My name is Richard Muscat and I’m from Malta. I’m a user experience specialist at Red Gate Software in Cambridge (the one in the UK) and in my spare time I contribute research time to SmarterStart on how start-up companies can benefit form user centered design principles.
Q2: How did you get started in your field? Did you study something in particular or are you self-taught?
I’m a self-taught visual and graphic designer but I studied computer science formally and read for a masters degree in creativity and innovation.
Q3: Can you remember what it was that originally got you more than just “interested” in the Web industry?
I was fascinated by the concept of the web before I ever saw it in action and was hooked when a communications professor showed me “Web 0.01″ at the University lab when I was 15. I immediately wanted to know how it worked and procured myself a huge TCP/IP book (that I never read) and a 10-page HTML primer that I learned off by heart within minutes!
Q4: Do you remember the first site you ever built? Was it anything like your current works?
First site I built was for a political student organisation I was part of during my undergraduate degree. Thankfully, it is nothing like my current works… and nothing like their current site.
Q5: What would you say is the single most important aspect of creating a Website – aesthetics, function, or something else?
Usability. If a website looks great but I can’t find the search feature the site is useless. If the search feature works but presents the results unintelligibly the site is also useless. Usability means making it simple for a user to accomplish a task or get information and requires equal focus on form and function.

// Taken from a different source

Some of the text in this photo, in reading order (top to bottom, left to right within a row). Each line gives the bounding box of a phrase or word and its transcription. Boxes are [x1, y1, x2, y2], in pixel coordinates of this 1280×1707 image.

Q6: Why should a business use WordPress to power their Websites?
Wordpress allows you to manage a website’s content and function independently of how it looks and without specialist knowledge of HTML, CSS, PHP etc. Writing or editing a blog post, article, event or product page is as easy as writing an email in GMail or Yahoo! Mail.

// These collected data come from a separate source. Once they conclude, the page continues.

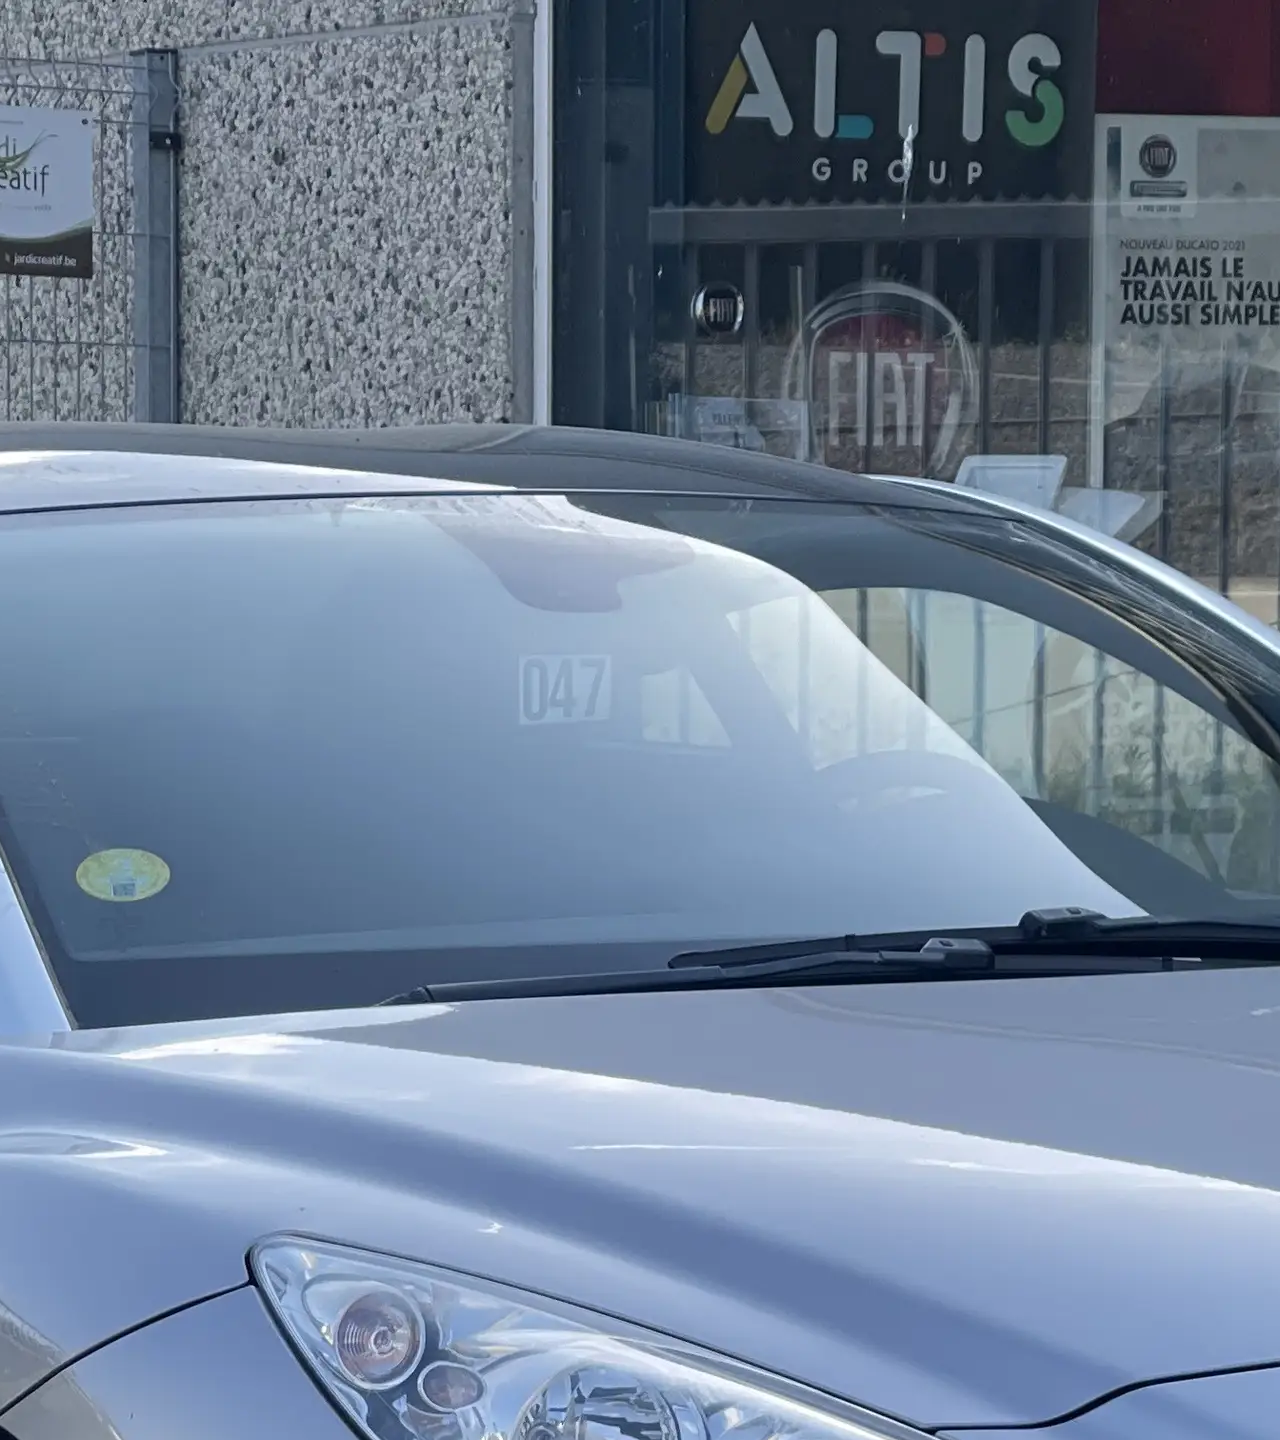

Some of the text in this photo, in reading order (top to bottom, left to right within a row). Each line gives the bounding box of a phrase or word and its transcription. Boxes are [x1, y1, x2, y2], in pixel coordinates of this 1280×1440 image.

[705, 21, 1064, 146] ALTIS
[812, 157, 983, 184] GROUP
[1120, 239, 1245, 251] NOUVEAU DUCATO 2021
[1120, 256, 1244, 278] JAMAIS LE
[1120, 280, 1218, 301] TRAVAIL
[1120, 304, 1280, 325] AUSSI SIMPLE
[828, 352, 935, 446] FIAT
[522, 658, 607, 721] 047

Q7: What type of value will a business receive from using WordPress to power their Website?
Using Wordpress means that your web and HTML specialists can focus on more important projects and removes the need for your PR and marketing people to waste time messing around with (and often break!) the underlying code. You will also be forming part of the Wordpress ecosystem which will both be useful to promoting your website or blog as well as benefit from hundreds of developers and users who contribute to wordpress by creating plugins, themes, fixes and new snippets of functionality.
Q8: What are the pitfalls and disadvantages of a business using WordPress to power their Website?
The big pitfall many people might not be aware of is that while WP is easy to get started with, doing advanced stuff requires a bit of effort in climbing up the learning curve. Not being aware of this – or not having the right expertise available – may easily lead to frustration. Fortunately there are many developers and designers who provide lots of info for free on the web and all it takes to avoid this frustration is to do some homework and understand in some detail what you really want from your website and then making sure it can be accomplished by using Wordpress.
Q9: What are the benefits and advantages of a business using WordPress to power their Website?
Wordpress today is an advanced and highly robust website content management system (CMS) that has been improved and expanded substantially over the years. It provides you with almost everything you may need right out of the box: rich text editing, photo and video management, categorization, commenting, tagging, widgets, multiple users and permissions, statistics and visual customization. It also has the potential to let your website grow to an unlimited size, it is fast and, for most requirements, its free!
Q10: If a business already has a Website, why should business owners consider moving their Website to WordPress?
In a lot of cases, Wordpress is invaluable in terms of freeing up your resources to doing more valuable things for your company. If you’re a start-up with limited resources, use Wordpress to remove the need of hiring a full time web manager or paying a consulting firm to do it for you. If you’re a larger company with some stability, use Wordpress to give more employees direct access and autonomy when it comes to posting news and editing web pages. This removes the bottlenecks and backlogs you often get with your web people dealing with trivial updates and edits (like correcting spelling mistakes!) from all over the company and frees up their time for more useful long-term projects… which could include (quickly) deploying a Wordpress-based Intranet for employees and staff to write and share info about social and company events, etc..
Q11: Finally, thanks very much for the interview, any closing comments?
First of all thank you very much for asking me! It was a pleasure answering the questions and it’s always nice to see communities of people like the one on this site who are focused on improving the life and state of great applications like Wordpress. I hope you give Wordpress a go… it’s much more versatile and powerful than it might seem at first glance and very extensible!